Democracy is a political system, where the power of the government is vested in the people. Democratic governments are elected by the citizens. The structure of the government may take various forms, but the common variable among democracies is that officials are voted into office, based on some kind of majority rule. There are no set rules regarding government within a communist country. Some scholars argue that pure communism has no structured government. Communists countries are most often led by totalitarian governments, where a political regime exercises complete control over the state and its citizens.

Economic Systems

Just as communism does not require any specific government structure, democracy does not require any specific economic structure. However, many democracies utilize a capitalist economic system, which is characterized by private or corporate ownership of goods. In a capitalist society, private ownership of goods is generally proportional to individual earnings. The more you own, for example, the richer you probably are. Communism prohibits most private ownership.
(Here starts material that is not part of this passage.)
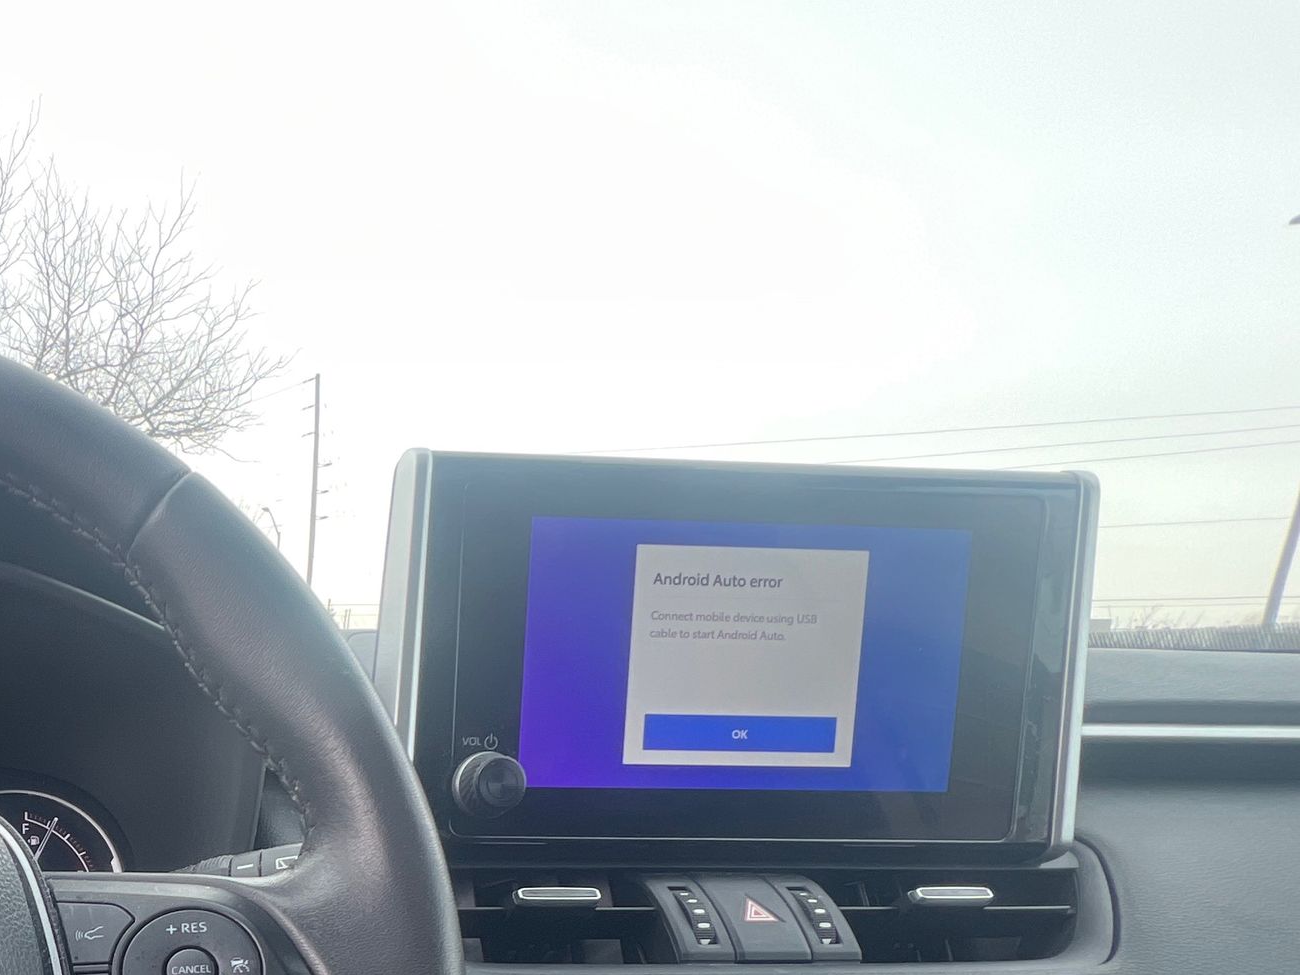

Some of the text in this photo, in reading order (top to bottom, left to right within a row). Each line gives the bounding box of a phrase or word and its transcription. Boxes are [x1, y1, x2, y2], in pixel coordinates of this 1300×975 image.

Instead, goods are collectively owned by all citizens. The government controls all production facilities and manages them to provide for the population's needs.

Free Market Labor

The systems of labor are also considerably different within communist and democratic nations. Under communism, the governing body sets the wages of all laborers and regulates the payments, so that no one person earns considerably more or less than another. In a true communist society, all wealth is distributed equally among the citizens. Democratic nations tend to embrace a free market system, where private companies set their own wages and individuals can earn as much as the market allows. This type of structure can lead to large variations of income within the society.

Free Choice

Democratic nations generally encourage free choice among its citizens. Under a democratic system, people have the right to choose their representatives and actively participate in the political process. They also have the right to live where they want and worship as they see fit, with very few limitations placed on religious activities. Communist governments assert that their citizens are better off without having to make such choices for themselves. In a communist nation, citizens are assigned jobs and told where they are going to live. Communist nations also tend to practice only one religion, with all other religions being expressly prohibited by the governing body.